2007 Toyota Tundra chassis.

Body-on-frame is an automobile construction method. Mounting a separate body to a rigid frame that supports the drivetrain was the original method of building automobiles, and continues to this day. Originally frames were made of wood (commonly ash), but steel ladder frames became common in the 1930s. It is technically not comparable to newer unibody designs, and almost no modern vehicle uses it (other than trucks).

In the USA the frequent changes in automobile design made it necessary to use a ladder frame rather than unibody construction to make it possible to change the design without having to change the chassis, allowing frequent changes and improvements to the car's bodywork and interior (where they were most noticeable to customers) while leaving the chassis and driveline unchanged, and thus keeping costs down and design times short. It was also easy to use the same chassis and driveline for several very different cars. Especially in the days before computer-aided design, this was a big advantage.[1]

Most small passenger vehicles switched to unibody construction in the 1960s, but the trend had started in the 1930s with cars like the Opel Olympia, and Citroen Traction Avant, leaving just trucks, some bus manufacturers, and large cars using conventional frames.
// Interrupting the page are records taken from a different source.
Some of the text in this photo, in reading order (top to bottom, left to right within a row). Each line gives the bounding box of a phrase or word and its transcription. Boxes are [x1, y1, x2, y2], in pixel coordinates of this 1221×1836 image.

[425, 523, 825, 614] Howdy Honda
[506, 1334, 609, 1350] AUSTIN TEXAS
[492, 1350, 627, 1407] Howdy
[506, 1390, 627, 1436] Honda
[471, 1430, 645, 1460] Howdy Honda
The shift continues today: body-on-frame remains the preferred construction method for heavy-duty commercial vehicles (especially those intended to carry or pull heavy loads, such as trucks and some sport utility vehicles (SUVs)), but increasing numbers of SUVs are also being converted to automobile-style unibody frames, and the market is also shifting from SUVs to crossover SUVs. Mass-market manufacturers Ford, General Motors and Chrysler are abandoning true body-on-frame SUVs, opting for cheaper-to-produce unibody construction.[2] Toyota currently manufactures the most body-on-frame SUVs with the 4Runner, FJ Cruiser, Land Cruiser and Sequoia followed by Nissan with the Armada, Patrol and Xterra.[3] The Ford Panther platform, which was discontinued in 2011, was the last series of traditional passenger cars to be built in this manner.

One variant used by Chevrolet for its Corvette incorporates the inner skeleton to the frame.
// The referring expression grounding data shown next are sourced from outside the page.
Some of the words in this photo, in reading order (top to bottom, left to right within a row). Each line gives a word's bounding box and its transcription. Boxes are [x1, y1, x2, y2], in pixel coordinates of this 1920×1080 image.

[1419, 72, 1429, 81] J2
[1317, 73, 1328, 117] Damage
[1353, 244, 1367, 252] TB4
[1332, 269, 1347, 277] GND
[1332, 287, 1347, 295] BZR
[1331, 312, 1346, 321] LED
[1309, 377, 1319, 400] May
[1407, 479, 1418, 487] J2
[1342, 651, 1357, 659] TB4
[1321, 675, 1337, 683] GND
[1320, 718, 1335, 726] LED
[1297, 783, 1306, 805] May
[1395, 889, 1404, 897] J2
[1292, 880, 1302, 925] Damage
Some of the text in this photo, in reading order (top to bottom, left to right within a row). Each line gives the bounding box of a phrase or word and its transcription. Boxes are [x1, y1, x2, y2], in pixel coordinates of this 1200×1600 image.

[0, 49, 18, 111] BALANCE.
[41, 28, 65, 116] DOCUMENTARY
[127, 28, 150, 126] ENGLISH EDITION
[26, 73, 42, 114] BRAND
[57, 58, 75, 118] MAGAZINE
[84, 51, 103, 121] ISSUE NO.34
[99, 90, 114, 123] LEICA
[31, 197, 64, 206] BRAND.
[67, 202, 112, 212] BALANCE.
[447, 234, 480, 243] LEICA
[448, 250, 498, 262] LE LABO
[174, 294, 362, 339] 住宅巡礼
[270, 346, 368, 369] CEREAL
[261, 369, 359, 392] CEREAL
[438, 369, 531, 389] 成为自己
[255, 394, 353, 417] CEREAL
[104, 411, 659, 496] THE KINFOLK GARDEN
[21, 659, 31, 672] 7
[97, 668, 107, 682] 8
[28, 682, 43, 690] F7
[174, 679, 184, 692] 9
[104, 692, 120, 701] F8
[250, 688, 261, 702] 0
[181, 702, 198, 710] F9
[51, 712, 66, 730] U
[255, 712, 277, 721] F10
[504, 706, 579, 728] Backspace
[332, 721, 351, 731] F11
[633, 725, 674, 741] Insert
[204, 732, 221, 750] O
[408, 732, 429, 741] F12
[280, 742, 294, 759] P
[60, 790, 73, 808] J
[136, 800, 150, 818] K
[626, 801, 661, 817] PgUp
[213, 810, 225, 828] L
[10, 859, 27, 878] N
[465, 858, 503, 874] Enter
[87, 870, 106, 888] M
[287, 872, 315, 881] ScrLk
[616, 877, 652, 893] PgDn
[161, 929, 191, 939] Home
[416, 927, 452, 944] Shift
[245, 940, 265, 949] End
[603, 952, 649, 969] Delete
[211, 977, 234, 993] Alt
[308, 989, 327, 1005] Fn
An intermediate to full monocoque construction was the 'semi-monocoque' used by the Volkswagen Beetle and Citroen 2CV. These used a lightweight separate chassis made from pressed sheet steel panels forming a 'platform chassis', to give the benefits of a traditional chassis, but with lower weight and greater stiffness. Both of these chassis were used for several different models. Volkswagen made use of the bodyshell for structural strength as well as the chassis — hence 'semi-monocoque'.
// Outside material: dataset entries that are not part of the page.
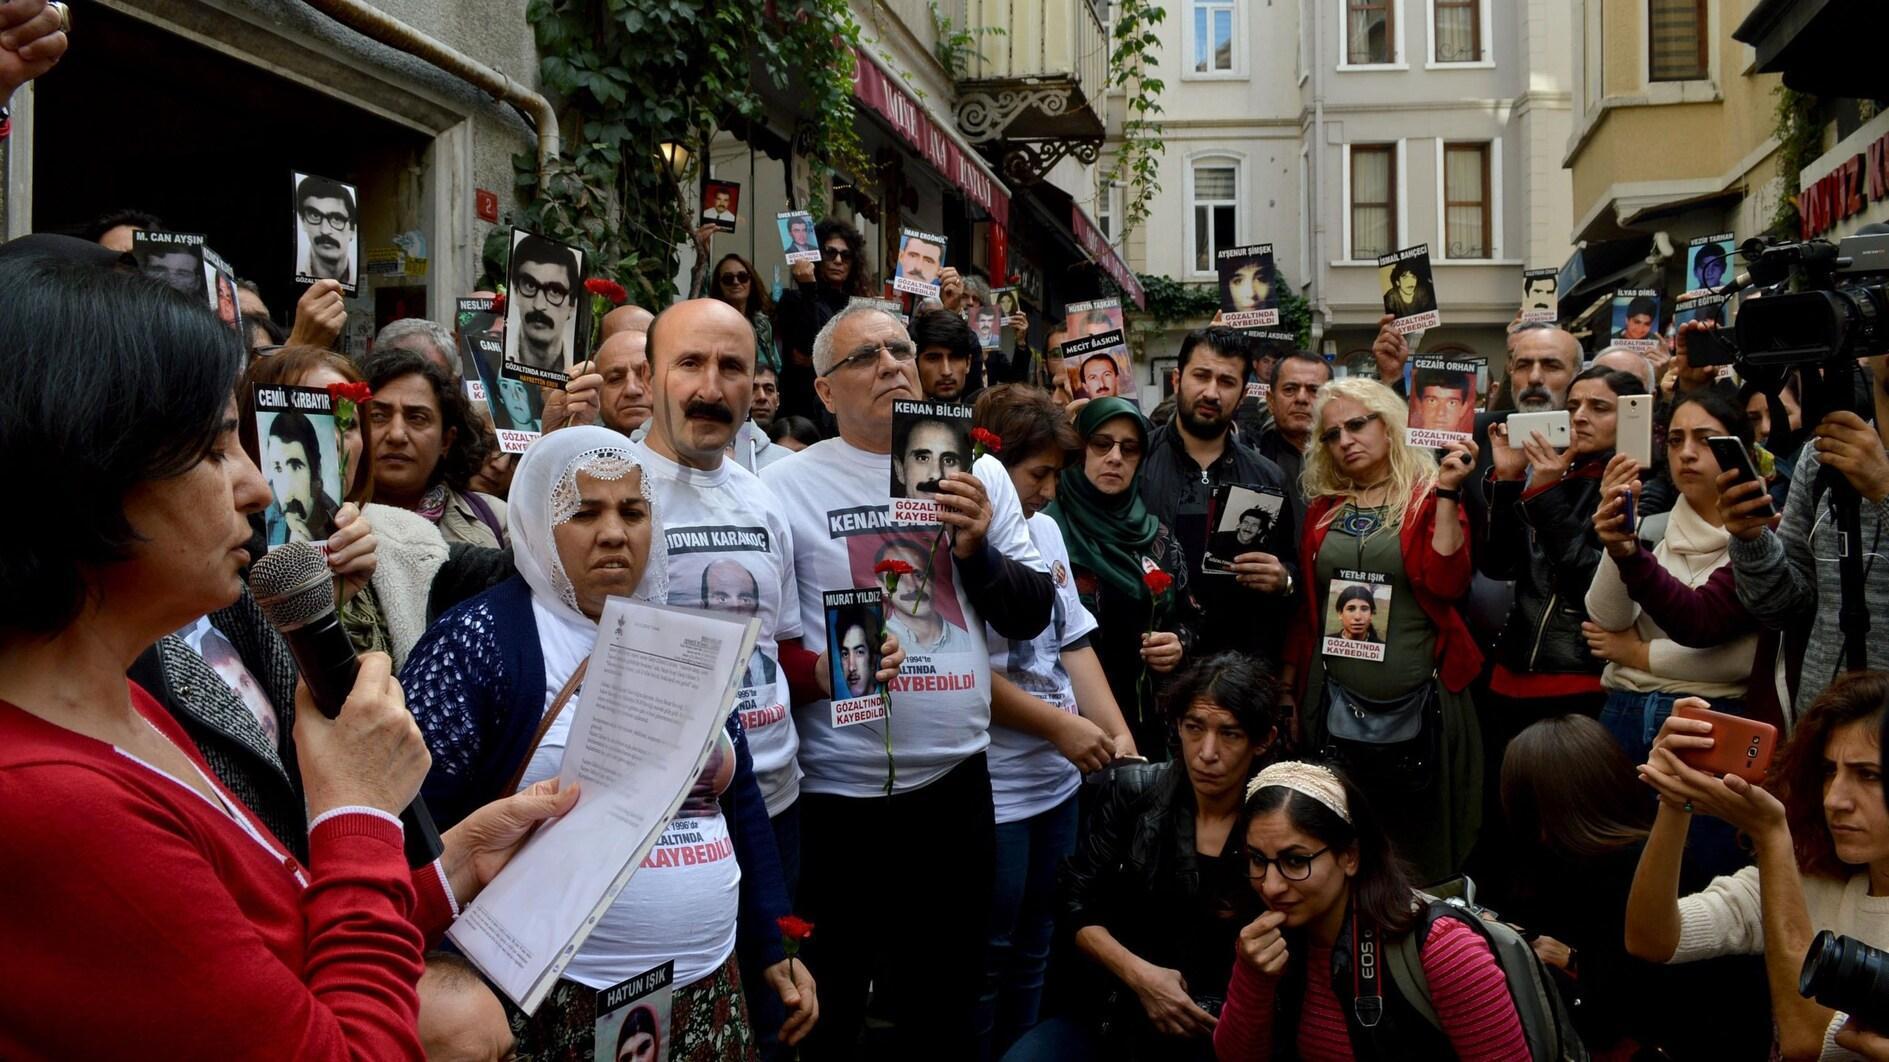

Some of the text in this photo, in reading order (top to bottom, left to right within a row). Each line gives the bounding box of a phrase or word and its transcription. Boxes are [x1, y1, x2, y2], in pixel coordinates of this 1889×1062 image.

[136, 232, 148, 241] M.
[150, 233, 172, 243] CAN
[1218, 245, 1272, 258] AYŞENUR ŞİMŞEK
[1398, 321, 1437, 333] AYBEDİLDİ
[1066, 338, 1090, 355] MECİT
[1415, 359, 1445, 370] CEZAİR
[1446, 362, 1475, 372] ORHAN
[258, 387, 288, 407] CEMİL
[895, 402, 973, 419] KENAN BİLGİN
[830, 511, 892, 533] KENAN
[896, 511, 941, 522] KAYBE
[665, 531, 767, 551] IDVAN KARAKOÇ
[1340, 570, 1385, 583] YETER IŞIK
[826, 591, 881, 606] MURAT YILDIZ
[888, 669, 975, 692] AYBEDİLDİ
[836, 708, 885, 725] KAYBEDİLD
[639, 837, 733, 868] KAYBEDİLD
[1361, 942, 1374, 979] EOS
[608, 967, 666, 1007] HATUN IŞIK
The Lincoln Town Car dominates the American limousine market because it is the last American luxury car made with body-on-frame and is therefore easily lengthened for livery work. With the Town Car discontinued since 2011, the de facto replacement is the Lincoln Navigator.

Advantages and disadvantages compared to unibody[edit]

Advantages[edit]

  • Easier to design, build and modify (less of an issue now that computer-assisted design (CAD) is commonplace, but still an advantage for coach-built vehicles).
  • Quieter, because the stresses do not pass into the body, which is isolated from the frame with rubber pads around the attachment bolts. This is less significant now, but historically bodies would squeak and rattle more as they rusted, lubricants drained, and fasteners loosened. Isolated bodies were affected to a lesser degree by these modes of aging.
  • Easier to repair after accidents. This is crucial for taxicabs, because damaged bolt-on fenders can be replaced in the firm's own garage for petty cash, with the cab returned to earning status immediately, whereas a unibody body would require straightening by paid specialists on a machine expensive to rent — with the cab laid up for repair longer. Grand-Am allows tubular spaceframe cars to replace their unibody counterparts, as the cars can easily be repaired with new clips.
  • Can allow a manufacturer to easily subcontract portions of work, e.g. as when Austin subcontracted the aluminium body work of the Austin A40 Sports to Jensen Motors.
Austin A40 Sports, ca 1951. During production, A40 Sports aluminium bodies were built by Jensen (of West Bromwich) and transported to Austin's Longbridge plant for final assembly.[4]

Disadvantages[edit]

  • Heavier than unibody, causing lower performance and/or higher fuel consumption. Though reconstruction of a chassis in a metal like titanium can ensure a more lightweight material.
  • Far less resistant to torsional flexing (flexing of the whole car in corners), compromising handling and road grip.
  • Lack of a crumple zone causes higher rate of death and serious injury. Some cars have adopted a "front clip" and "rear clip" format similar to what is used in NASCAR where the car is split into three sections, and the clips absorb the impact, allowing the "clip" to be replaced when repairing the car.[5]